The U.S. government has added formaldehyde to a list of known carcinogens, despite years of lobbying by the chemical industry. Formaldehyde is a substance found in plastics and often used in plywood, particle board, mortuaries and hair salons. The decision comes just months after the U.S. Occupational Safety and Health Administration warned that a hair-care product, Brazilian Blowout Acai Professional Smoothing Solution, contained unacceptable levels of formaldehyde, and salon workers have reported headaches, nosebleeds, burning eyes, vomiting and asthma attacks after using the product and other hair-straighteners. The government also said Friday that styrene, which is used in boats, bathtubs and in disposable foam plastic cups and plates, may cause cancer. Leading the lobbying effort against labeling formaldehyde as a carcinogen has been the conservative billionaire Koch brothers.
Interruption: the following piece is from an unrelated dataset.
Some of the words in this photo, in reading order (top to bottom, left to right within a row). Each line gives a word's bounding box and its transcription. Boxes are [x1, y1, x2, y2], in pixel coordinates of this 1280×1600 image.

Georgia-Pacific, a subsidiary of Koch Industries, is one of the country’s top producers of formaldehyde.
The New Zealand city of Christchurch has been hit with another strong earthquake. Fifty buildings were destroyed, but no fatalities were initially reported. In February, 181 people died in another quake to hit the city.
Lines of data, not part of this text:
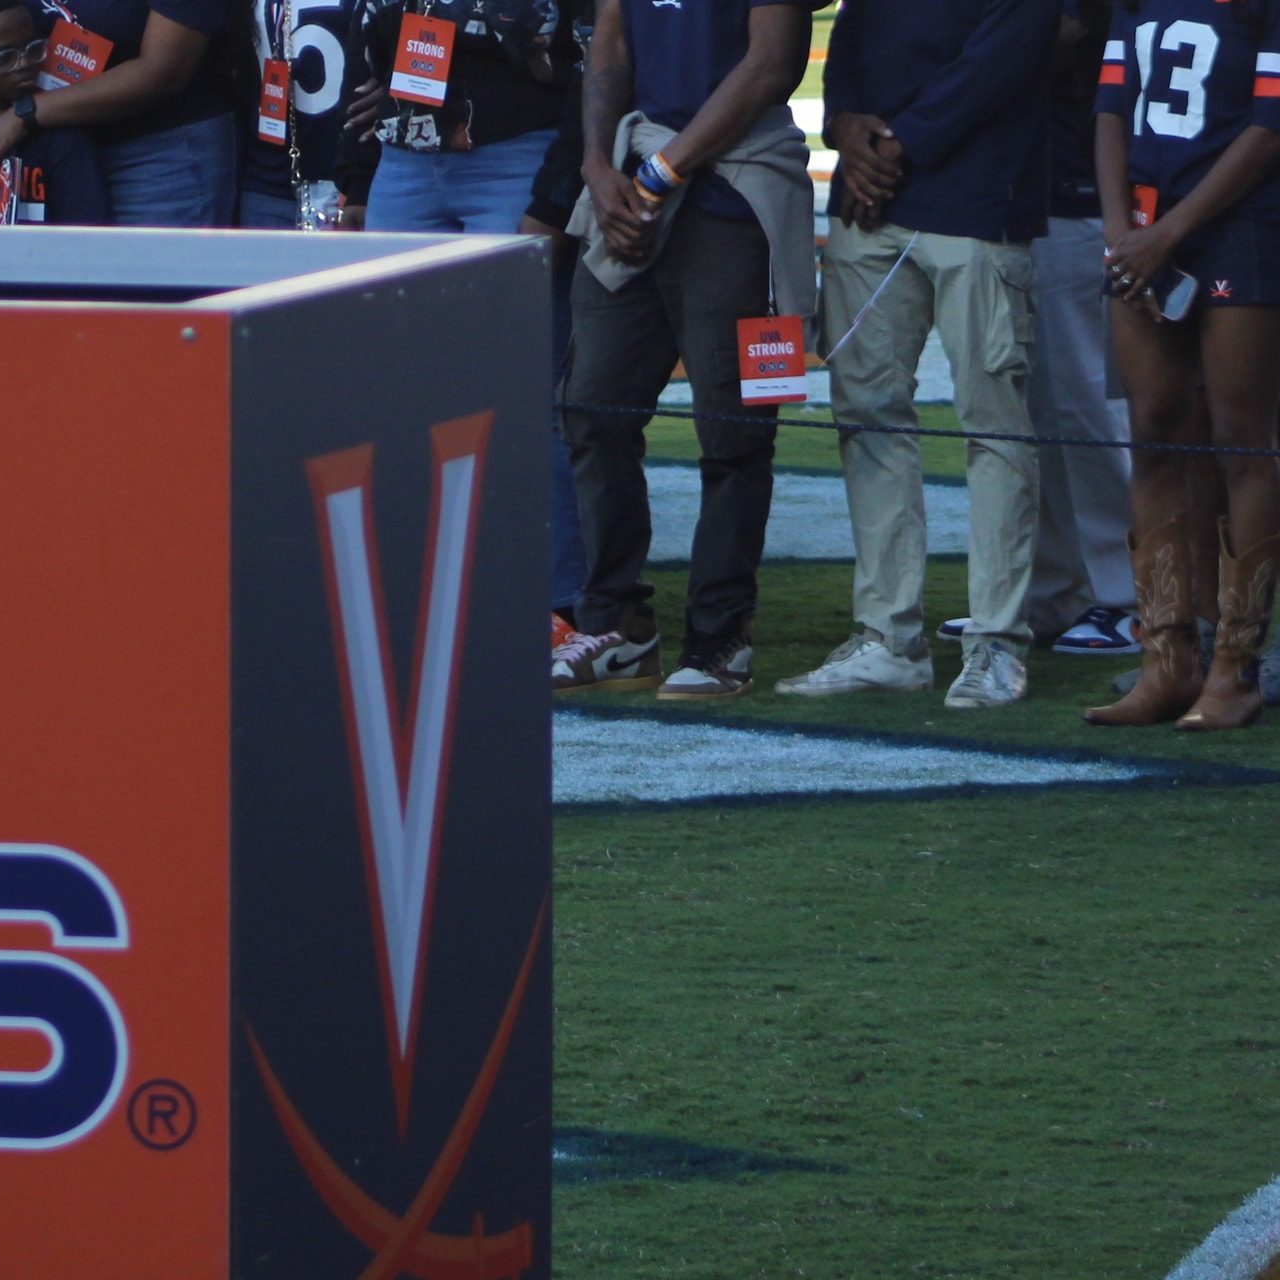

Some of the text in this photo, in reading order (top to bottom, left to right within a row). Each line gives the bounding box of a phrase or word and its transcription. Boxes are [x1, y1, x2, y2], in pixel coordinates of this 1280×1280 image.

[53, 43, 98, 72] STRONG
[405, 39, 445, 59] STRONG
[1132, 18, 1221, 140] 13
[747, 341, 795, 358] STRONG
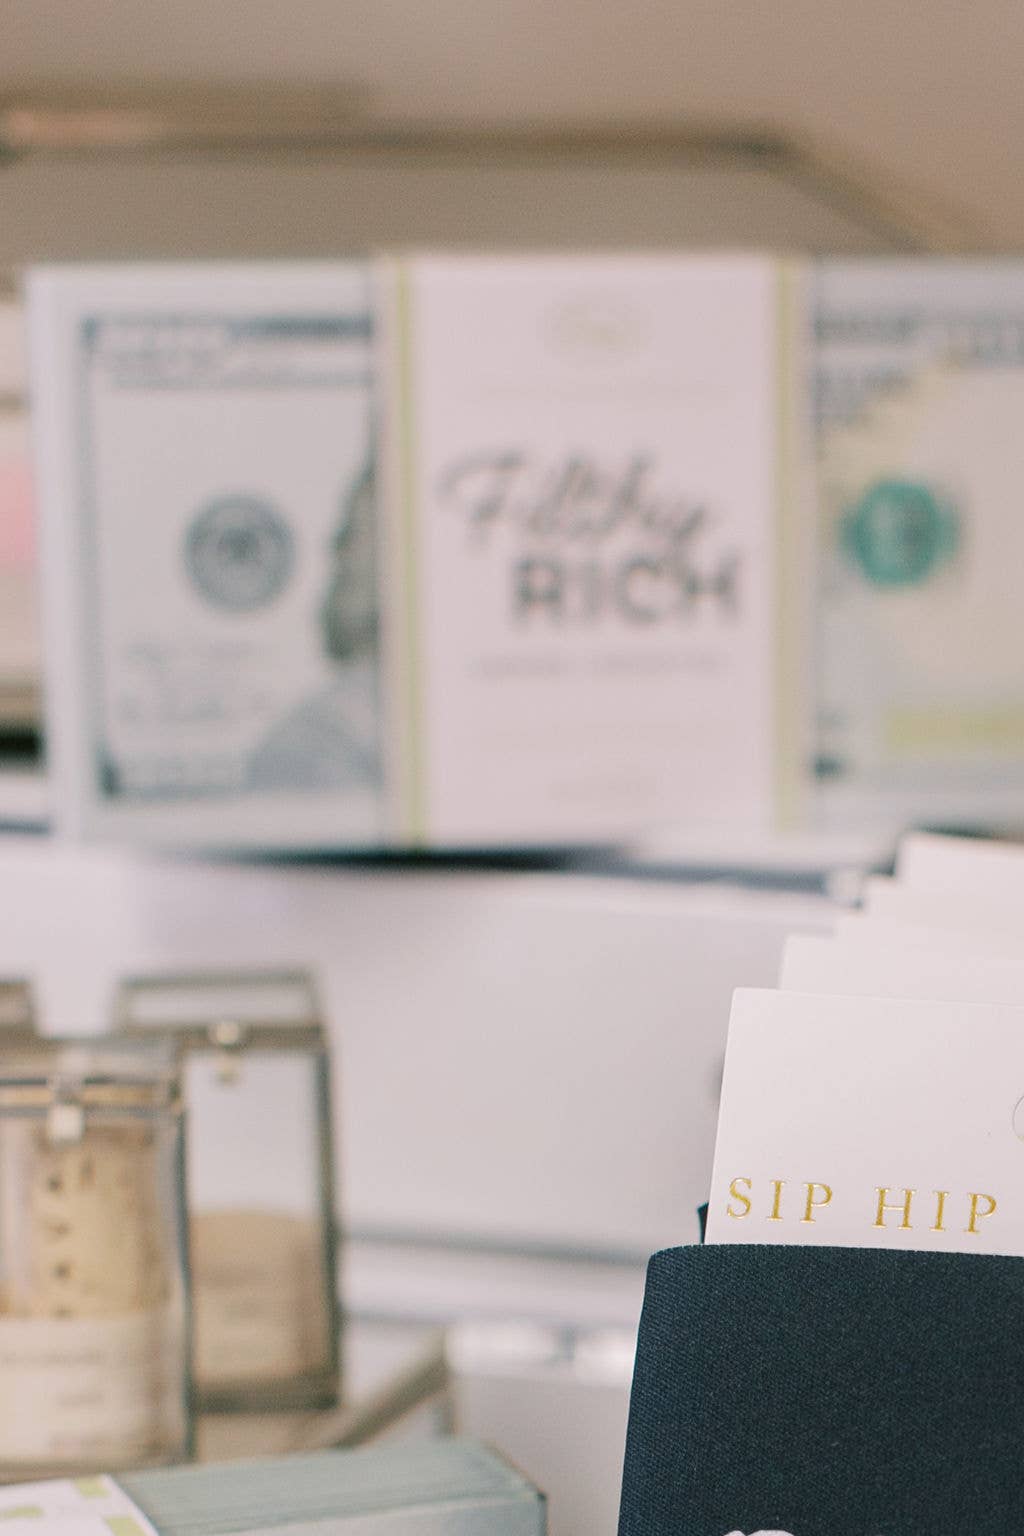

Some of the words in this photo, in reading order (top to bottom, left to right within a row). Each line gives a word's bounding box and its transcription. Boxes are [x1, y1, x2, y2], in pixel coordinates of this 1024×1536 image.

[511, 551, 742, 627] RICH
[726, 1177, 833, 1225] SIP
[873, 1186, 998, 1235] HIP
An American graduate student has admitted he was the author behind the popular blog, “A Gay Girl in Damascus.” Over the past several months, 40-year-old Tom MacMaster wrote the blog pretending to be a Syrian-American lesbian named Amina Arraf who was involved in the Syrian protest movement. Last week, the blog made international headlines when it appeared that Amina was detained by Syrian security forces. The website, Electronic Intifada, exposed the hoax on Sunday.
The Broadway musical, “The Book of Mormon,” won nine Tony Awards on Sunday. The playwright Eve Ensler won a special Tony Award for her humanitarian work.
Eve Ensler “And I really plead with all of us to see the theater as this vehicle and to remember why we were drawn there and to be more bold, more daring and more outrageous.”